(RECORDS SHOWN begins)
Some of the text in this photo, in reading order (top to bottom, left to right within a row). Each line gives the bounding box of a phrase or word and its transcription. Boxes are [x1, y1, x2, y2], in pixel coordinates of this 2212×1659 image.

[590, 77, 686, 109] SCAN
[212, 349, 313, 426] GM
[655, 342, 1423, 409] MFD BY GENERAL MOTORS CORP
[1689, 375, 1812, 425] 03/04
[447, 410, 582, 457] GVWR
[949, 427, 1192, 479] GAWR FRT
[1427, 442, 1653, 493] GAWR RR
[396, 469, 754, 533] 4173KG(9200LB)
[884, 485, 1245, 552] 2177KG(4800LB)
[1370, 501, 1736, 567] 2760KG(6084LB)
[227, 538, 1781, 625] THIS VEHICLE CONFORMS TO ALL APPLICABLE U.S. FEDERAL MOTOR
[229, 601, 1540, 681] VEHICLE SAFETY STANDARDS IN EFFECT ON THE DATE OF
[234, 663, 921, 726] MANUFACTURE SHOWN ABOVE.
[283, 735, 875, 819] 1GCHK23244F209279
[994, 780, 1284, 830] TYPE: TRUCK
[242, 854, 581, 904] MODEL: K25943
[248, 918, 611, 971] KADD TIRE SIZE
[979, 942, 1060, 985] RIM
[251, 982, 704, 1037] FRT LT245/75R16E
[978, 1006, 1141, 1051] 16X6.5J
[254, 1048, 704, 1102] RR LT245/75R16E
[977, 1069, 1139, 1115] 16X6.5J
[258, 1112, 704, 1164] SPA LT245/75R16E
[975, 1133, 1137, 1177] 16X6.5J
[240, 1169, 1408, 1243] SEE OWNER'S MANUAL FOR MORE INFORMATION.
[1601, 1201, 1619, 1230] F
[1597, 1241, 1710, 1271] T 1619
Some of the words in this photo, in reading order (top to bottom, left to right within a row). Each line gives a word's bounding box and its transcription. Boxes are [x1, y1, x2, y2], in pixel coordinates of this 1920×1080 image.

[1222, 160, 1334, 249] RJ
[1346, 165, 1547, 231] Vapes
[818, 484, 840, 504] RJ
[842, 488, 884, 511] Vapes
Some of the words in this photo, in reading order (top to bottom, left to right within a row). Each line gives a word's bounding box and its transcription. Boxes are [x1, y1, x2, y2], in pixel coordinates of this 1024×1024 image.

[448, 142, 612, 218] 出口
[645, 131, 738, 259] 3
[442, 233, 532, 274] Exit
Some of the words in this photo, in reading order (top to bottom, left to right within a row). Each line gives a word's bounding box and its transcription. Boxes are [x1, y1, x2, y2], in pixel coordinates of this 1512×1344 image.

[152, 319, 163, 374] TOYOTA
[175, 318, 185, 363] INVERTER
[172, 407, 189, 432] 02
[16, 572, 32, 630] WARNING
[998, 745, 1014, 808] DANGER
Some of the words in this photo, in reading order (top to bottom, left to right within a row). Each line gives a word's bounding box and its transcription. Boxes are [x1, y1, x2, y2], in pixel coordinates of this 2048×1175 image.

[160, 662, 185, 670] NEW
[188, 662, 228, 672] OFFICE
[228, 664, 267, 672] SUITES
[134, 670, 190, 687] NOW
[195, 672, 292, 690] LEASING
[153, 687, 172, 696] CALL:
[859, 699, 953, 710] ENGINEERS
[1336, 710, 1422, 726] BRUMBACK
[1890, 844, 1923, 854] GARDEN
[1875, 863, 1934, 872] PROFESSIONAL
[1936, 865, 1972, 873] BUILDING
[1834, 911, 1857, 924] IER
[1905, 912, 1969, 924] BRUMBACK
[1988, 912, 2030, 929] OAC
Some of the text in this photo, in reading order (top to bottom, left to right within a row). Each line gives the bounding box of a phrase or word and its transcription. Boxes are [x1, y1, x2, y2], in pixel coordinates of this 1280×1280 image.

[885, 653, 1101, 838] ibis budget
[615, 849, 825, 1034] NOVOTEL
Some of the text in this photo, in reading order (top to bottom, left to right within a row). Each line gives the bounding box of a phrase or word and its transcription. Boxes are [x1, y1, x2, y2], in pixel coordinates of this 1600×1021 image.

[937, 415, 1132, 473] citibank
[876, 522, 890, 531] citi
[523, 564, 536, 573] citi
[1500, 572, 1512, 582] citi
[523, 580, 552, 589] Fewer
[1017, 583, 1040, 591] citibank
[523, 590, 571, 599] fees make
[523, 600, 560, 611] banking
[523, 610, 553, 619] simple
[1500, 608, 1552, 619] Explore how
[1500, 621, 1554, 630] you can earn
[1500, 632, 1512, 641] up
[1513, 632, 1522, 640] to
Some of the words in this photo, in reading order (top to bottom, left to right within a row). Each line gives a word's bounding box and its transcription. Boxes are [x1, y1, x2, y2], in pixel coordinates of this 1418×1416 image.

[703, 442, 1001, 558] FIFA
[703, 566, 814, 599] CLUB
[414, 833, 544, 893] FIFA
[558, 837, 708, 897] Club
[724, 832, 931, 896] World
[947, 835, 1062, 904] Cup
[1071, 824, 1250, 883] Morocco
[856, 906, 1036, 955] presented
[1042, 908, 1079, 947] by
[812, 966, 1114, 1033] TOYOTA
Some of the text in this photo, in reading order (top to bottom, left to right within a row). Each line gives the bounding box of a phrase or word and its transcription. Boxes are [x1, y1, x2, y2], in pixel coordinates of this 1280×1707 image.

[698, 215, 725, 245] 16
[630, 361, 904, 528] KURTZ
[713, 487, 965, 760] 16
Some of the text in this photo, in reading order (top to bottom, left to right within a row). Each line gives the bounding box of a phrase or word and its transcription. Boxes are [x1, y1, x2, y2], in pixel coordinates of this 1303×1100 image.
(RECORDS SHOWN ends)
PROBLEM REQUIREMENTS: From the first line to the last, print the listing above exactly.

RESPONSE TO THIS TASK:
Some of the text in this photo, in reading order (top to bottom, left to right within a row). Each line gives the bounding box of a phrase or word and its transcription. Boxes are [x1, y1, x2, y2], in pixel coordinates of this 2212×1659 image.

[590, 77, 686, 109] SCAN
[212, 349, 313, 426] GM
[655, 342, 1423, 409] MFD BY GENERAL MOTORS CORP
[1689, 375, 1812, 425] 03/04
[447, 410, 582, 457] GVWR
[949, 427, 1192, 479] GAWR FRT
[1427, 442, 1653, 493] GAWR RR
[396, 469, 754, 533] 4173KG(9200LB)
[884, 485, 1245, 552] 2177KG(4800LB)
[1370, 501, 1736, 567] 2760KG(6084LB)
[227, 538, 1781, 625] THIS VEHICLE CONFORMS TO ALL APPLICABLE U.S. FEDERAL MOTOR
[229, 601, 1540, 681] VEHICLE SAFETY STANDARDS IN EFFECT ON THE DATE OF
[234, 663, 921, 726] MANUFACTURE SHOWN ABOVE.
[283, 735, 875, 819] 1GCHK23244F209279
[994, 780, 1284, 830] TYPE: TRUCK
[242, 854, 581, 904] MODEL: K25943
[248, 918, 611, 971] KADD TIRE SIZE
[979, 942, 1060, 985] RIM
[251, 982, 704, 1037] FRT LT245/75R16E
[978, 1006, 1141, 1051] 16X6.5J
[254, 1048, 704, 1102] RR LT245/75R16E
[977, 1069, 1139, 1115] 16X6.5J
[258, 1112, 704, 1164] SPA LT245/75R16E
[975, 1133, 1137, 1177] 16X6.5J
[240, 1169, 1408, 1243] SEE OWNER'S MANUAL FOR MORE INFORMATION.
[1601, 1201, 1619, 1230] F
[1597, 1241, 1710, 1271] T 1619
Some of the words in this photo, in reading order (top to bottom, left to right within a row). Each line gives a word's bounding box and its transcription. Boxes are [x1, y1, x2, y2], in pixel coordinates of this 1920×1080 image.

[1222, 160, 1334, 249] RJ
[1346, 165, 1547, 231] Vapes
[818, 484, 840, 504] RJ
[842, 488, 884, 511] Vapes
Some of the words in this photo, in reading order (top to bottom, left to right within a row). Each line gives a word's bounding box and its transcription. Boxes are [x1, y1, x2, y2], in pixel coordinates of this 1024×1024 image.

[448, 142, 612, 218] 出口
[645, 131, 738, 259] 3
[442, 233, 532, 274] Exit
Some of the words in this photo, in reading order (top to bottom, left to right within a row). Each line gives a word's bounding box and its transcription. Boxes are [x1, y1, x2, y2], in pixel coordinates of this 1512×1344 image.

[152, 319, 163, 374] TOYOTA
[175, 318, 185, 363] INVERTER
[172, 407, 189, 432] 02
[16, 572, 32, 630] WARNING
[998, 745, 1014, 808] DANGER
Some of the words in this photo, in reading order (top to bottom, left to right within a row). Each line gives a word's bounding box and its transcription. Boxes are [x1, y1, x2, y2], in pixel coordinates of this 2048×1175 image.

[160, 662, 185, 670] NEW
[188, 662, 228, 672] OFFICE
[228, 664, 267, 672] SUITES
[134, 670, 190, 687] NOW
[195, 672, 292, 690] LEASING
[153, 687, 172, 696] CALL:
[859, 699, 953, 710] ENGINEERS
[1336, 710, 1422, 726] BRUMBACK
[1890, 844, 1923, 854] GARDEN
[1875, 863, 1934, 872] PROFESSIONAL
[1936, 865, 1972, 873] BUILDING
[1834, 911, 1857, 924] IER
[1905, 912, 1969, 924] BRUMBACK
[1988, 912, 2030, 929] OAC
Some of the text in this photo, in reading order (top to bottom, left to right within a row). Each line gives the bounding box of a phrase or word and its transcription. Boxes are [x1, y1, x2, y2], in pixel coordinates of this 1280×1280 image.

[885, 653, 1101, 838] ibis budget
[615, 849, 825, 1034] NOVOTEL
Some of the text in this photo, in reading order (top to bottom, left to right within a row). Each line gives the bounding box of a phrase or word and its transcription. Boxes are [x1, y1, x2, y2], in pixel coordinates of this 1600×1021 image.

[937, 415, 1132, 473] citibank
[876, 522, 890, 531] citi
[523, 564, 536, 573] citi
[1500, 572, 1512, 582] citi
[523, 580, 552, 589] Fewer
[1017, 583, 1040, 591] citibank
[523, 590, 571, 599] fees make
[523, 600, 560, 611] banking
[523, 610, 553, 619] simple
[1500, 608, 1552, 619] Explore how
[1500, 621, 1554, 630] you can earn
[1500, 632, 1512, 641] up
[1513, 632, 1522, 640] to
Some of the words in this photo, in reading order (top to bottom, left to right within a row). Each line gives a word's bounding box and its transcription. Boxes are [x1, y1, x2, y2], in pixel coordinates of this 1418×1416 image.

[703, 442, 1001, 558] FIFA
[703, 566, 814, 599] CLUB
[414, 833, 544, 893] FIFA
[558, 837, 708, 897] Club
[724, 832, 931, 896] World
[947, 835, 1062, 904] Cup
[1071, 824, 1250, 883] Morocco
[856, 906, 1036, 955] presented
[1042, 908, 1079, 947] by
[812, 966, 1114, 1033] TOYOTA
Some of the text in this photo, in reading order (top to bottom, left to right within a row). Each line gives the bounding box of a phrase or word and its transcription. Boxes are [x1, y1, x2, y2], in pixel coordinates of this 1280×1707 image.

[698, 215, 725, 245] 16
[630, 361, 904, 528] KURTZ
[713, 487, 965, 760] 16
Some of the text in this photo, in reading order (top to bottom, left to right within a row). Each line gives the bounding box of a phrase or word and its transcription. Boxes are [x1, y1, x2, y2], in pixel coordinates of this 1303×1100 image.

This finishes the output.